We were prepared for either and I think Clark and I did a good job advocating. However, I actually would have preferred the “con” position. It is more interesting analytically because you get to drill down on how the Code and Regulations might be read to permit an income method analysis that would fairly measure the value of the IP actually transferred.
With most taxpayers fighting the income method at Exam, wasn’t the “pro” position easier?
It is easier in the sense that the argument can be made very simply. That is true. The argument goes like this: The existing cost sharing regulatory construct already enabled the evaluation of rights to the anticipated income stream without essentially disregarding the transaction as actually structured by the parties. The “con” position, on the other hand, requires a more nuanced understanding of transfer pricing principles, what they are trying to achieve, and how one might go about constructing a set of variable inputs that could be used to indirectly derive the value of the IP transferred.
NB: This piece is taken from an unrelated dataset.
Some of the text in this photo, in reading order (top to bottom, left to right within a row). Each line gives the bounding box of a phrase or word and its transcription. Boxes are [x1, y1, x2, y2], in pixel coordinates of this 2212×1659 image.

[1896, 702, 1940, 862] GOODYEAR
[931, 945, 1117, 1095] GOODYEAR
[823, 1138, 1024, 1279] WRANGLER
Personally, do you think the income method has a place in transfer pricing practice?
I think it does. However, Clark made a very persuasive argument that the Income Method as constituted in the Temporary Regs, while not to be discarded out of hand, becomes much more tenuous: (i) if the Regulations are read as mandating a counterfactual perpetual useful life of transferred IP (see Veritas v. Commissioner), and (ii) when coupled with the Periodic Trigger look-back provisions of the Temporary Regulations. If fairly applied, and in the right circumstances, the Income Method can be a powerful convergence tool for valuing IP. We have proven that in our dealings with Exam on cases where the IRS seeks to require CIP-compliant outcomes. Obviously, it will never be as good as a valid CUT, but it can be useful and does have a place in the practice.
What does the Tax Court’s recent decision in Veritas tell us about the viability of the Income Method?
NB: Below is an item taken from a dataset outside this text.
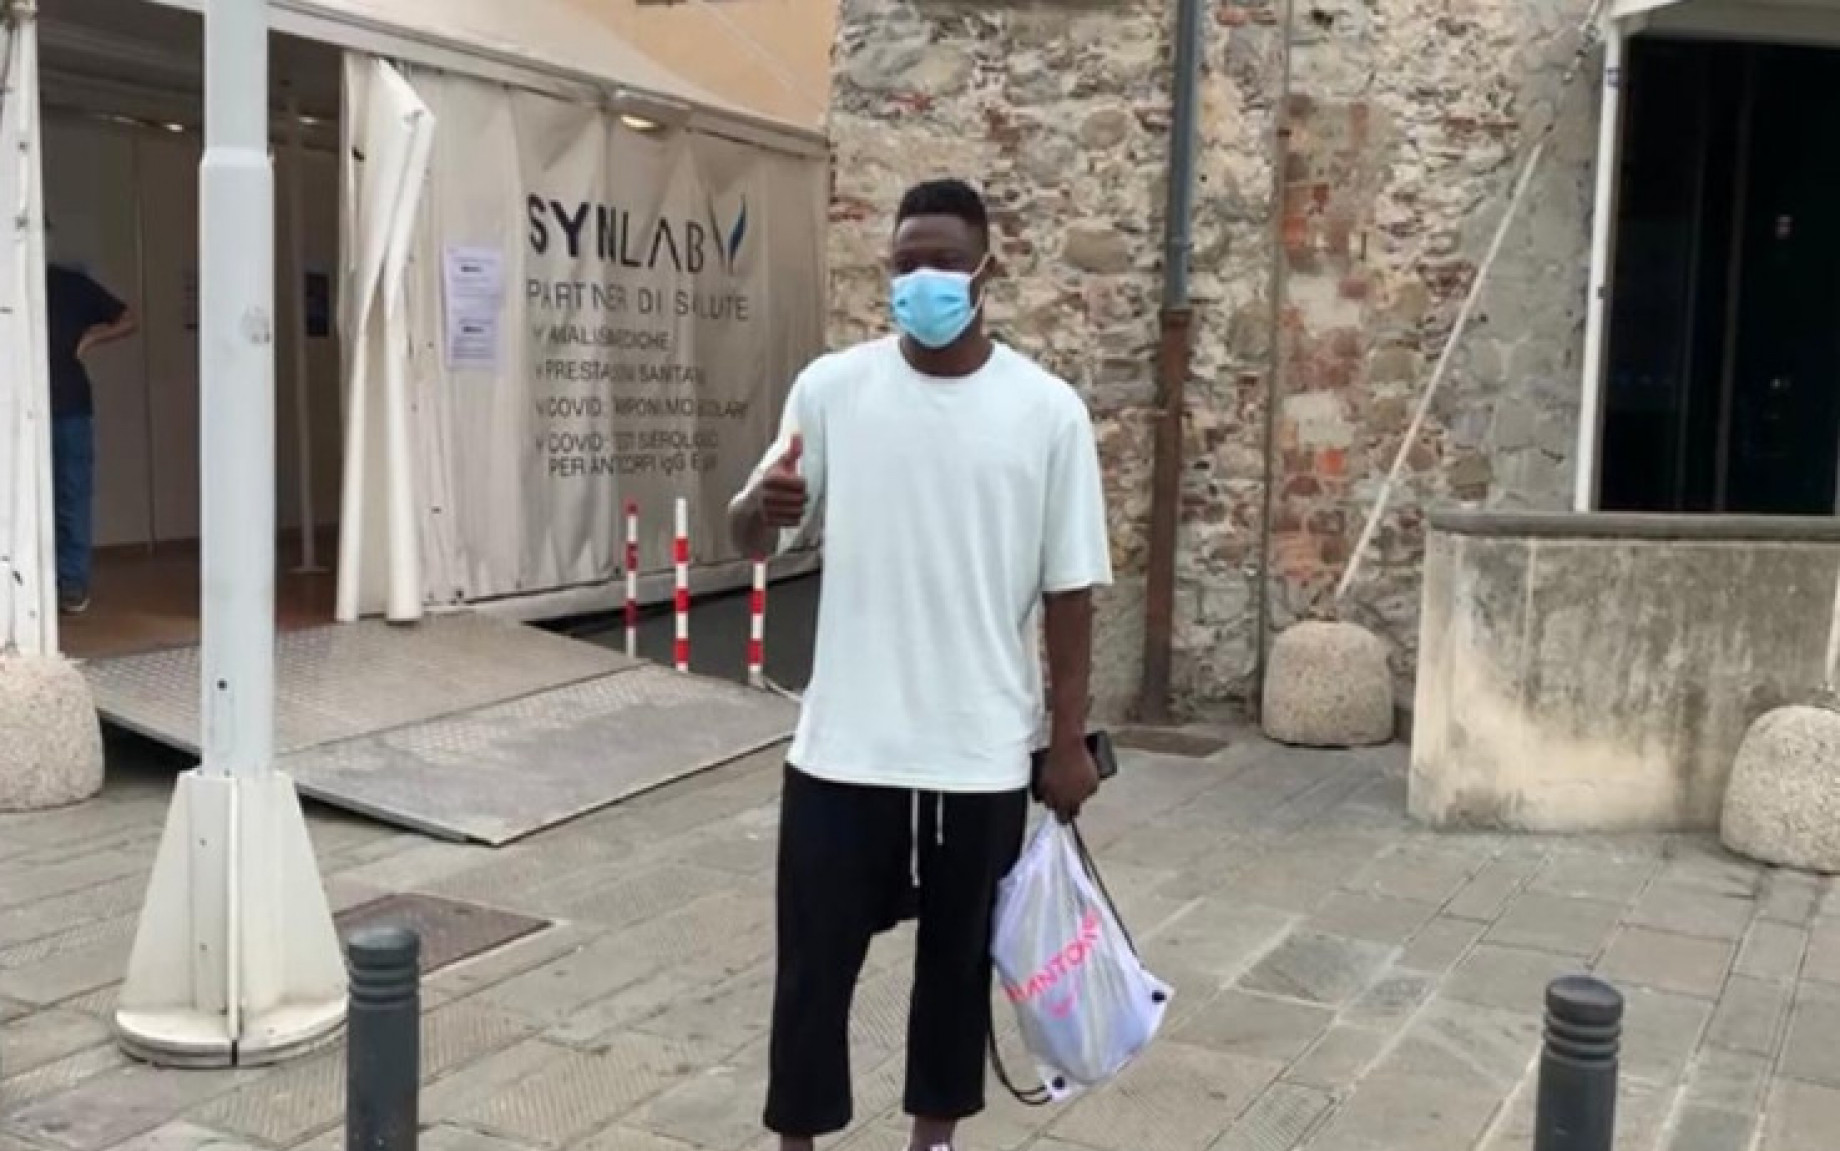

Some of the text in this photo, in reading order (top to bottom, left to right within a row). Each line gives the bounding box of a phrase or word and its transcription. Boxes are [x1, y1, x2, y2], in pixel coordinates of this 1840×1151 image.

[526, 193, 705, 273] SYNLAB
[637, 287, 662, 314] DI
[546, 359, 634, 382] PRESTA
At the end of the day, probably not much. Veritas was a gross overreach by the IRS; ultimately, the decision is just Bausch & Lomb revisited. Taxing a neutral transfer of business opportunity is not going to fly, nor is the imposition of a perpetual life for IP that produces premium profits for some limited number of years. That dog just will not hunt against a sophisticated and well-advised taxpayer. But it certainly doesn’t mean that the Income Method, properly applied, is never useful.
What do you see as the biggest errors the IRS makes in applying the Income Method?
(1) The perpetual useful life edict, and (2) the implicit presumption of unlimited sustention of competitive advantage. Technology progresses and, the fact is, legacy technology often doesn’t persist for multiple generations. You could not find too many people in Silicon Valley—where I do a fair amount of my work—who would take the other side of that proposition. Even where technology does persist for an extended period, the IRS at times contends that fundamentally new products, developed at great risk under Cost Sharing, owe their genesis entirely to foundational IP. You cannot assume large growth rates decades out and try to allocate all of that value to the original IP. At some point the competitive advantage associated with the pre-existing IP will dissipate. This is very basic finance theory. There are certainly other concerns but these are the most glaring weaknesses in the application of the Income Method.